Introduction
Air traffic control is a complex task requiring real-time planning under uncertainty, predicting potential conflicts and issuing commands to aircraft pilots to ensure safety. This project investigates machine learning methods that can be applied to this domain and could in future help air traffic controllers in effective decision-making. Using simulations similar to training scenarios for actual air traffic controllers, the project builds an open experimentation platform to evaluate possible machine learning approaches to this task, and explores algorithms to 'play' the simulation in the role of air traffic controllers.
Header image: Inside Stansted air traffic control tower, courtesy of NATS Press Office.
Explaining the science
Air traffic control is a complex task requiring a large number of safety-critical decisions in real time. The primary goal of air traffic control is to specify the trajectory of each aircraft in order to maintain a safe distance between them at all times, avoiding so-called 'loss of separation', while getting them to their destinations.

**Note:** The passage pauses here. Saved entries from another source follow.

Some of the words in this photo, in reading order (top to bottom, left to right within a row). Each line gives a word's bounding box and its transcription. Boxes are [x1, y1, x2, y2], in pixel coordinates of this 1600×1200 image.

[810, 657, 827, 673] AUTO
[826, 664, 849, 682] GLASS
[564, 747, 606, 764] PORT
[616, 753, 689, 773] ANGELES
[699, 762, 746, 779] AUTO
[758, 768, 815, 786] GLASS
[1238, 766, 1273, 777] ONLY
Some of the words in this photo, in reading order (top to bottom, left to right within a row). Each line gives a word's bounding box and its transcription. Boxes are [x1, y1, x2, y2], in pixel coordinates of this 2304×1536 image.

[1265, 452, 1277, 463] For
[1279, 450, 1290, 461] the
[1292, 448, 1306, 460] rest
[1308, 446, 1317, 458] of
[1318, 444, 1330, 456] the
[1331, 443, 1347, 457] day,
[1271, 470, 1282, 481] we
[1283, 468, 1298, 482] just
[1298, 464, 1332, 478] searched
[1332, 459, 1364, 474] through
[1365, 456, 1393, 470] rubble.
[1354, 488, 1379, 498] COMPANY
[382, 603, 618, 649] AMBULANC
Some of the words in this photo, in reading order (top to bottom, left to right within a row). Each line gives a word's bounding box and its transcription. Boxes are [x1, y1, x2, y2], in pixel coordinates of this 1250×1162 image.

In addition to maintaining safe operation, the quality of an aircraft routing is judged against a number of secondary metrics, notably: fuel efficiency, the number and frequency of control instructions, environmental impact and orderly handover between sectors. This process requires looking out into the future, predicting potential conflicts and issuing instructions to the aircraft to reroute, typically by giving a target heading, or routing, or height, or a change of speed.
There are many sources of uncertainty inherent to the problem: from aircraft mass and individual pilot behaviour, to local and regional weather conditions. This makes air traffic control an interesting problem for machine learning research: any decision-making system applied in this area has to account for these uncertainties while optimising for the other objectives. The project will explore a range of possible approaches for this task.

Project aims
Flight movements above the UK are at a historic high and are forecast to increase by a further 50% over the next 15 years. Accordingly, the advancement of air traffic control is one of the key future challenges to providing robust and resilient transport infrastructure for the UK. The project is a collaboration between the Turing and NATS, formerly National Air Traffic Services, which provides air traffic navigation to aircraft flying through UK controlled airspace.
The main aim of the project is to investigate how machine learning can be usefully applied in this area. Specifically, the project will build automated agents to play the role of an air traffic controller in a training simulation, whose performance will be evaluated according to the same criteria used to judge their human counterparts.
A key part of the project is to develop a research-focused open source simulation platform, along with a user-friendly interface for evaluating different machine learning algorithms for real-time decision-making, from optimisation approaches to reinforcement learning, in a complex and uncertain environment.
Applications
The main aim of the project is to help NATS, the UK's air traffic control service provider, explore the possibilities and limitations of applying machine learning in en-route air traffic control. The results of this project will guide future work in this area, with the potential to improve the capacity and safety of the UK's airspace. By building an automated system that would play an air traffic controller in a simulation the work will explore possibilities and gain insights that will lead to new and better tools and airspace design for air traffic controllers.
It will also lay the foundations of effective collaboration to investigate how machine learning may benefit a broad range of air traffic challenges, including airport operations and facilitating seamless passenger journeys.